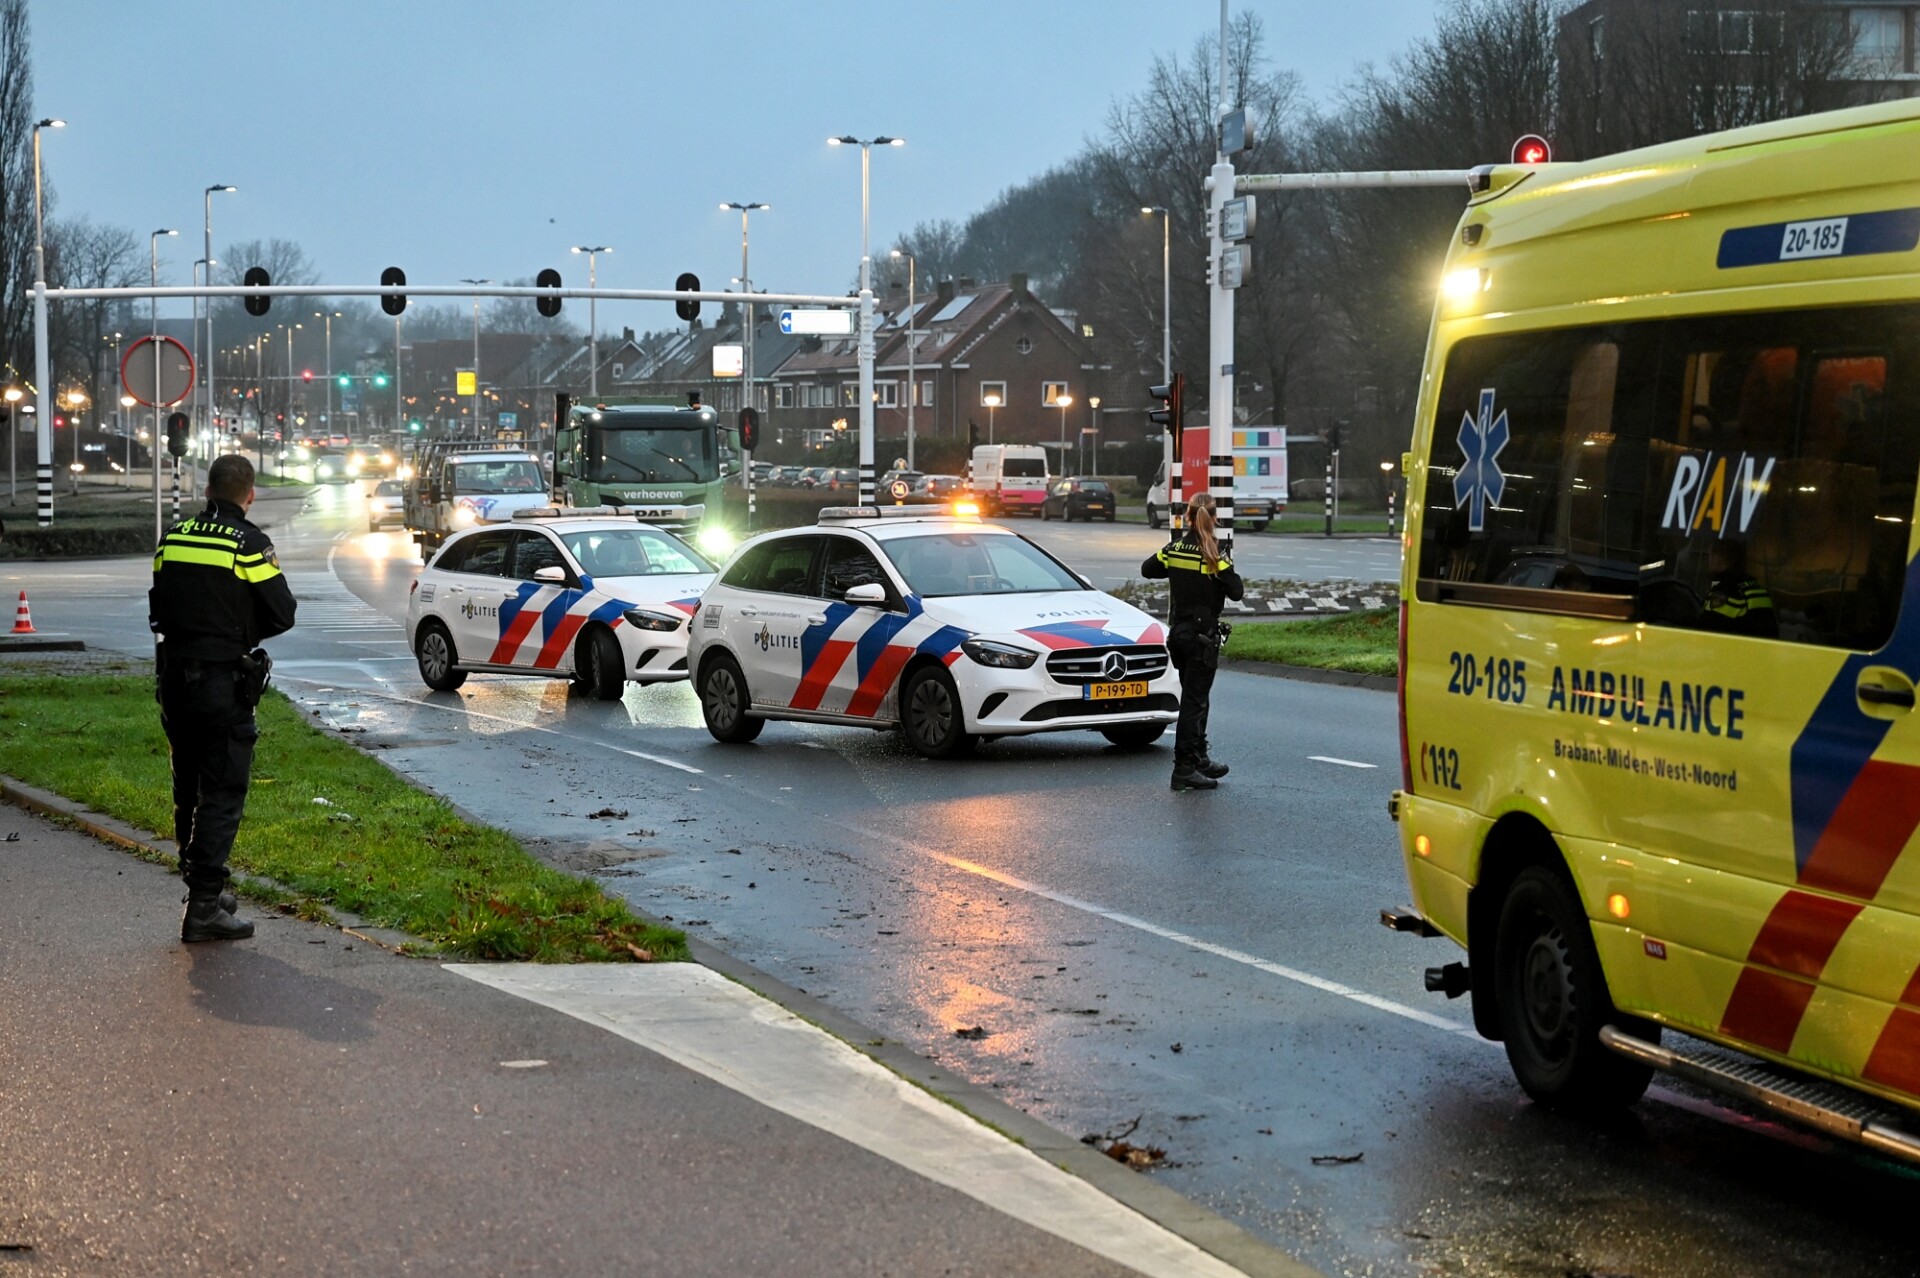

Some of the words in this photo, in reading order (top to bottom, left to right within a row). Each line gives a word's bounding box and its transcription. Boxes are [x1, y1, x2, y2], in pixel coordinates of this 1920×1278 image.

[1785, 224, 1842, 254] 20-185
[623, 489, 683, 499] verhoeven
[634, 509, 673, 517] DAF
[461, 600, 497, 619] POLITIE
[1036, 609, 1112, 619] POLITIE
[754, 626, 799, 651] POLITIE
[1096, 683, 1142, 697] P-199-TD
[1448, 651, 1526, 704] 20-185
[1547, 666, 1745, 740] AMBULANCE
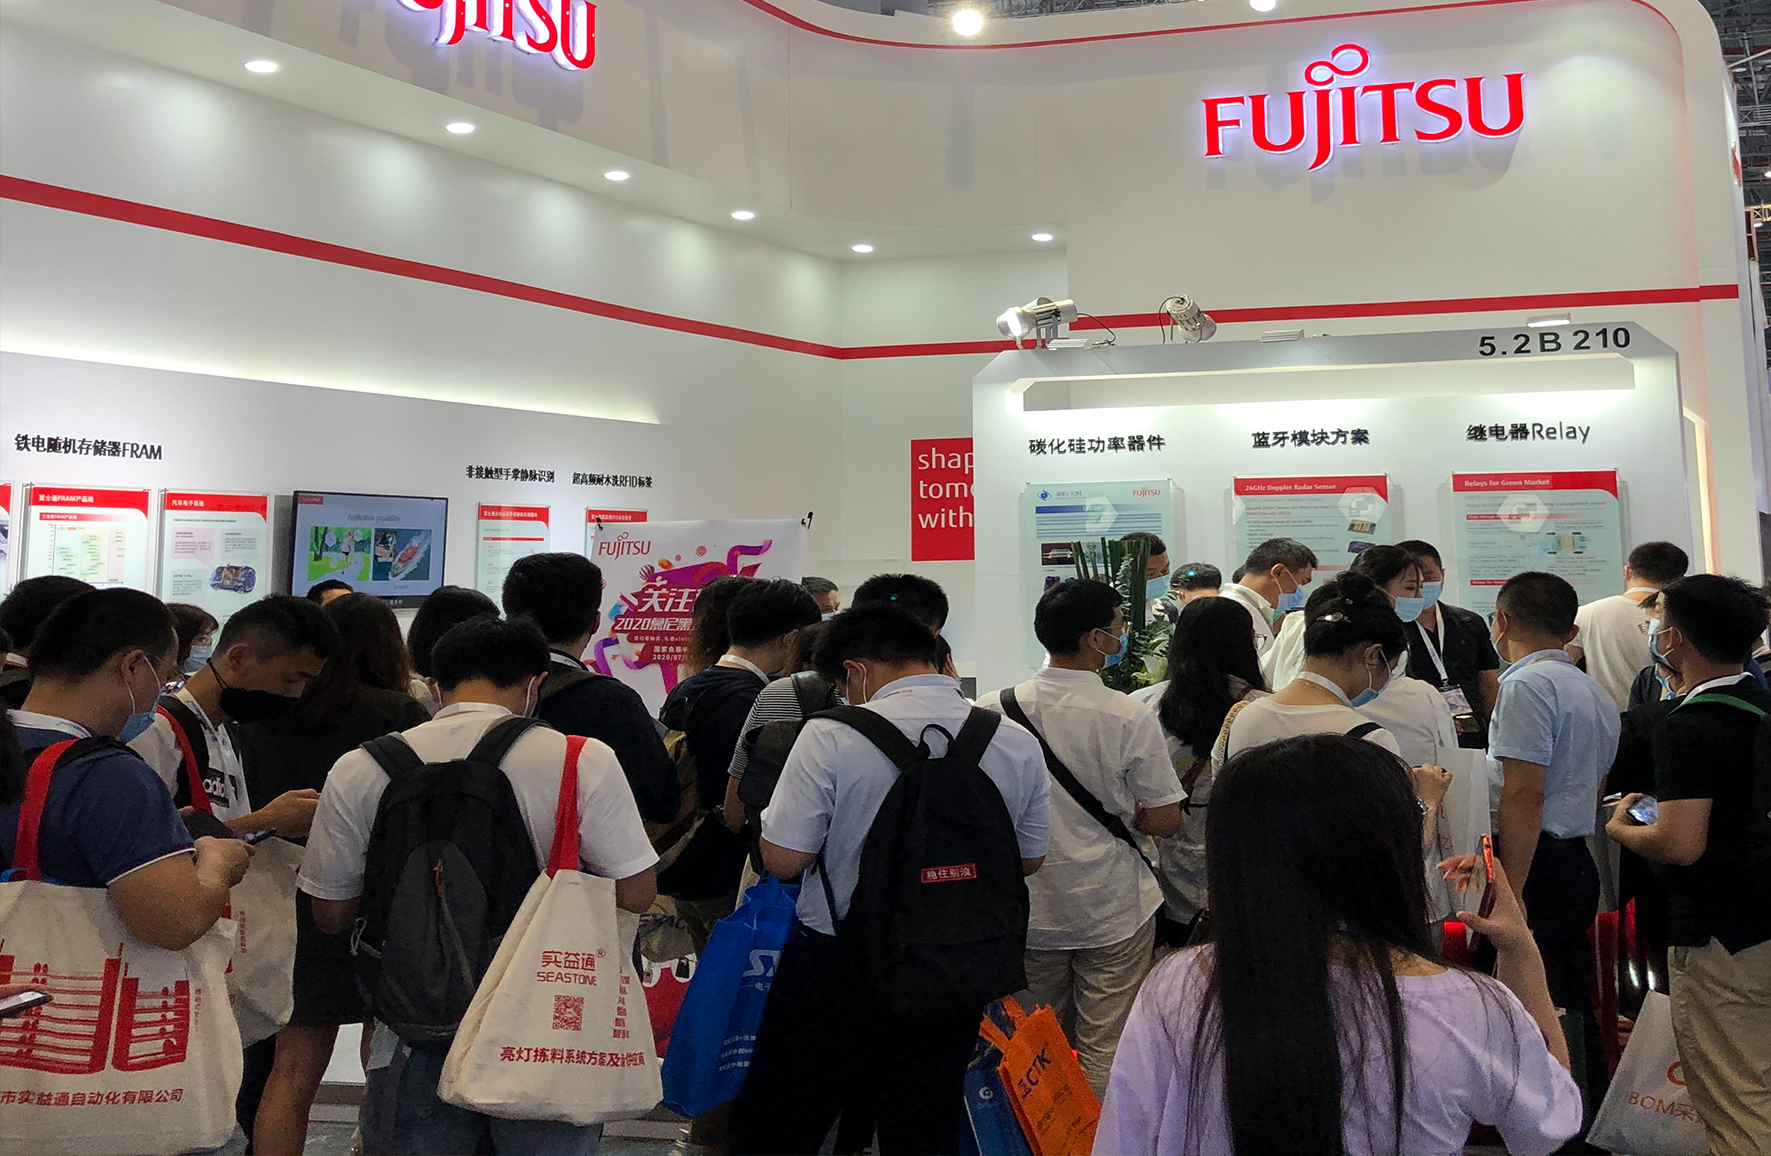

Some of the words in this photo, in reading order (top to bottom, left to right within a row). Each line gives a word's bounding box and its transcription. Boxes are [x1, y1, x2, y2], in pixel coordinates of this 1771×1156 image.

WORK TO BE COMPLETED - Reproduce the complete set of records verbatim and omit the pictures.

RESPONSE -
Some of the words in this photo, in reading order (top to bottom, left to right within a row). Each line gives a word's bounding box and its transcription. Boxes are [x1, y1, x2, y2], in pixel coordinates of this 1920×1278 image.

[1785, 224, 1842, 254] 20-185
[623, 489, 683, 499] verhoeven
[634, 509, 673, 517] DAF
[461, 600, 497, 619] POLITIE
[1036, 609, 1112, 619] POLITIE
[754, 626, 799, 651] POLITIE
[1096, 683, 1142, 697] P-199-TD
[1448, 651, 1526, 704] 20-185
[1547, 666, 1745, 740] AMBULANCE

Some of the words in this photo, in reading order (top to bottom, left to right within a row). Each line gives a word's bounding box and its transcription. Boxes are [x1, y1, x2, y2], in pixel coordinates of this 1771×1156 image.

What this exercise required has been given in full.